– ¿Realmente has venido hasta aquí sólo para visitar su tumba?
– Cuando era muy joven seguí su destino. No acabaré hasta que vea su tumba.
– Harry Johanson, cuando quería estar solo y meditar, se sentaba a la sombra de este árbol, solía refugiarse aquí. Entonces, nadie podía molestarle. He visto también una fotografía suya sentado aquí. Era bajo de estatura, pero tenía mucha fuerza física. Además era muy vehemente. Todavía hay africanos que le recuerdan. Cuando se enfadaba podía levantar una cría de elefante por encima de su cabeza. Obviamente, esto no es cierto, pero sirve para que te hagas una idea de su fuerza.
Deja la taza de café.
– Voy a enseñarte su tumba -dice-. Por desgracia, después tengo que dedicarme a mi trabajo. No funciona nuestra bomba de agua.

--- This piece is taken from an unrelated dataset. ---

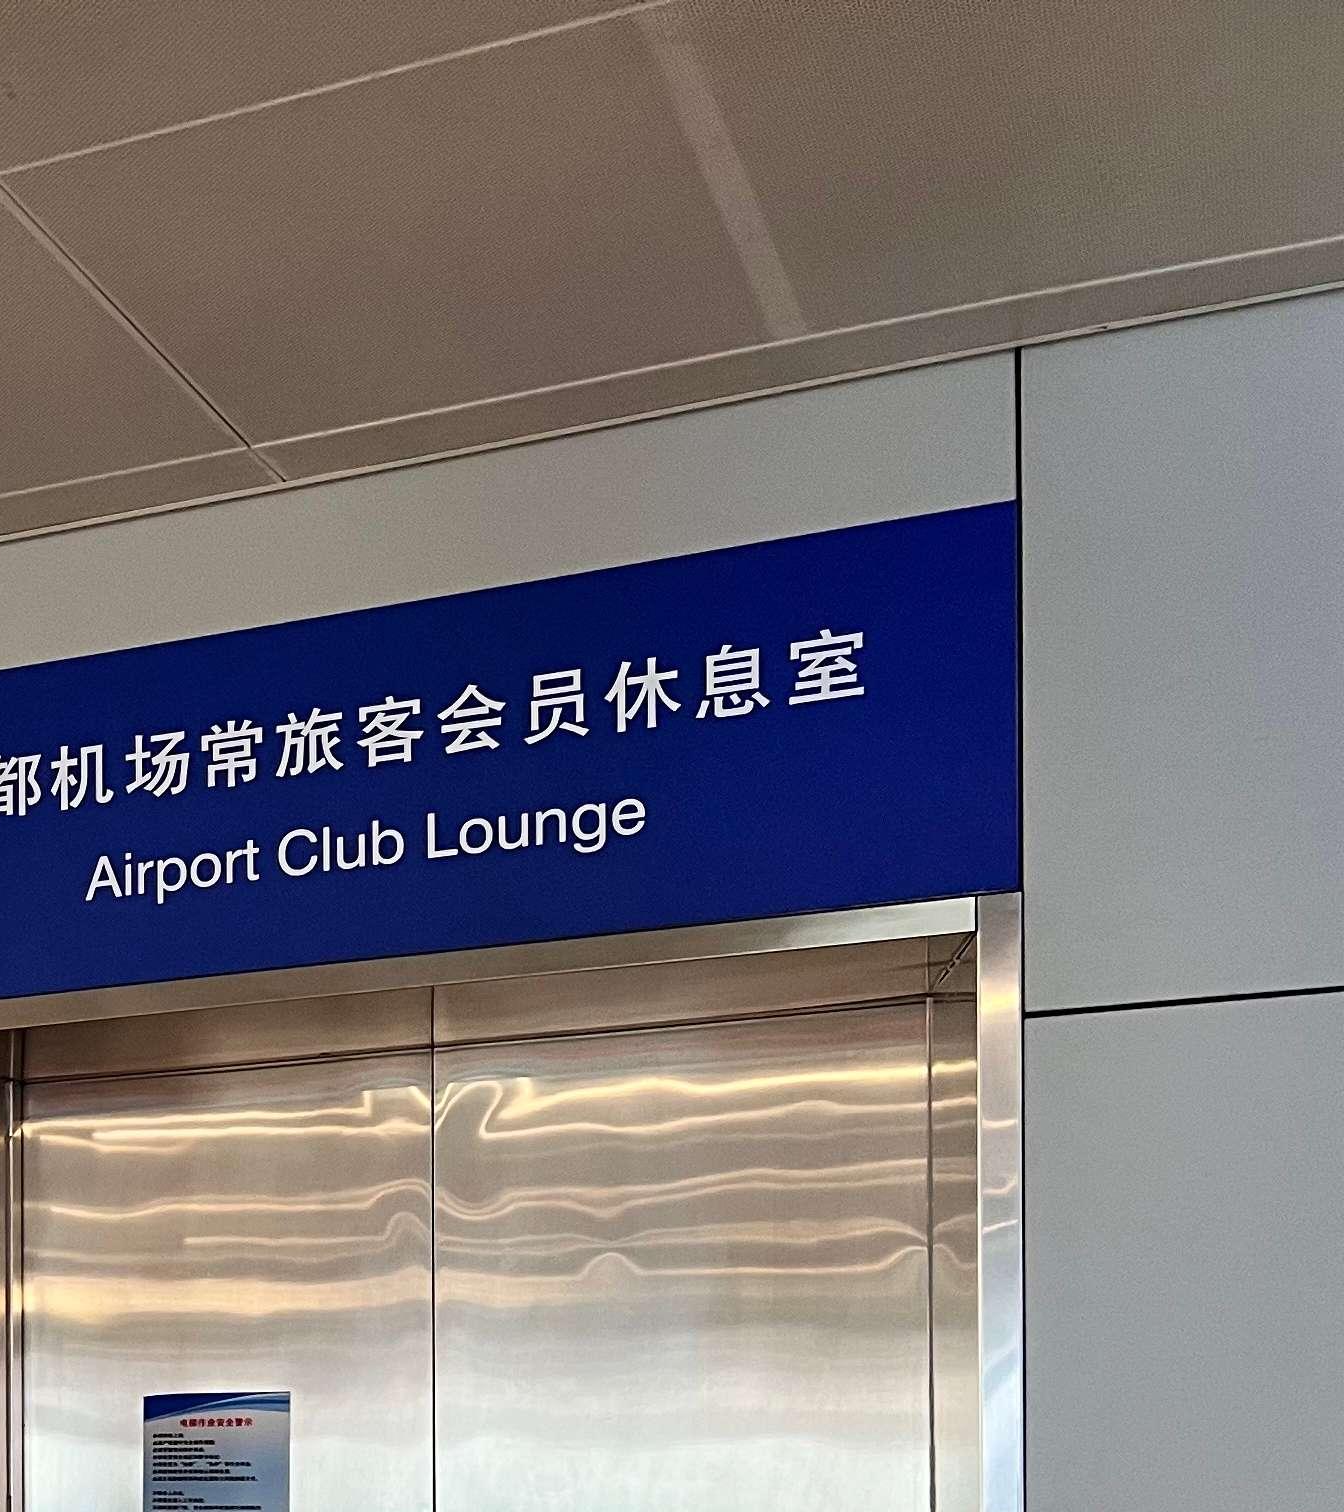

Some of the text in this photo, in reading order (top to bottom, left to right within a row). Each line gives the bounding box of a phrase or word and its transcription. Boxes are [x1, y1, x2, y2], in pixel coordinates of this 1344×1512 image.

[85, 794, 648, 904] Airport Club Lounge

Van cuesta arriba a lo largo de una senda sinuosa hacia una colina. De vez en cuando se vislumbra el espejo del río a través de los tupidos matorrales.
– No vayas allí sin Joseph -le advierte Patrice LeMarque-. Hay muchos cocodrilos.
El terreno se nivela y forma un rellano en el alto cerro. De repente, Hans Olofson está ante una simple cruz de madera.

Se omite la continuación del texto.